**Instructions for the task**
Because the images are not wanted, restate every line below word for word without them.

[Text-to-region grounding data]
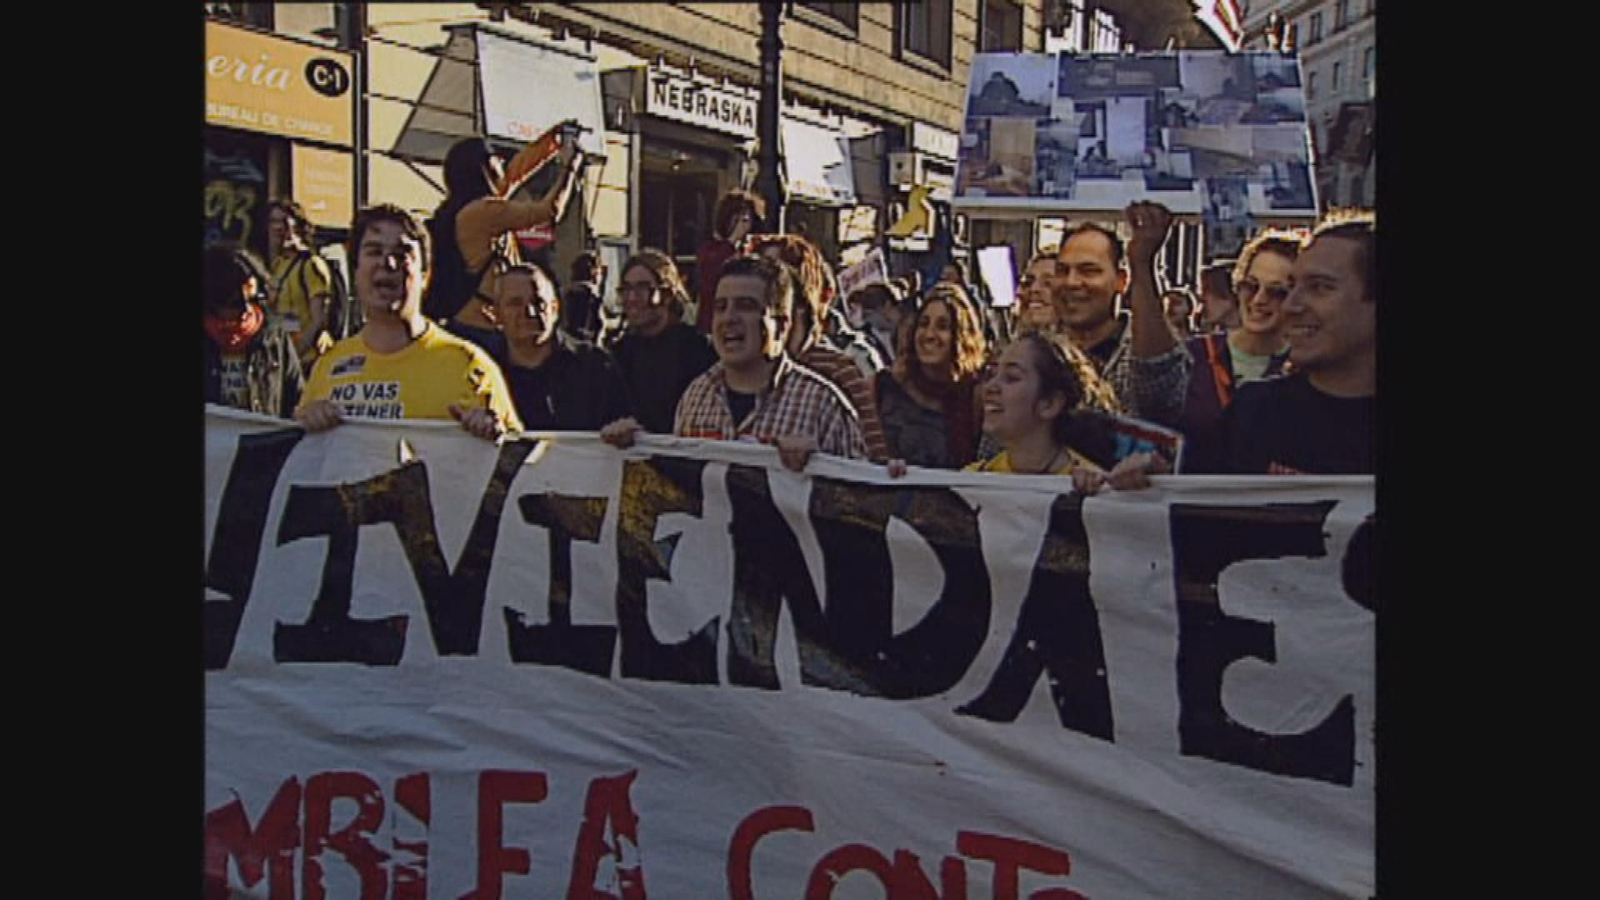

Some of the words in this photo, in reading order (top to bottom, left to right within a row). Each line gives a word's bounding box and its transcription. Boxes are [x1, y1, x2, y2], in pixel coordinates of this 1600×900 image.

[652, 80, 755, 129] NEBRASKA
[330, 384, 356, 401] NO
[362, 383, 398, 401] VAS
[1169, 500, 1376, 786] E

**Solution to the exercise**
Some of the words in this photo, in reading order (top to bottom, left to right within a row). Each line gives a word's bounding box and its transcription. Boxes are [x1, y1, x2, y2], in pixel coordinates of this 1600×900 image.

[652, 80, 755, 129] NEBRASKA
[330, 384, 356, 401] NO
[362, 383, 398, 401] VAS
[1169, 500, 1376, 786] E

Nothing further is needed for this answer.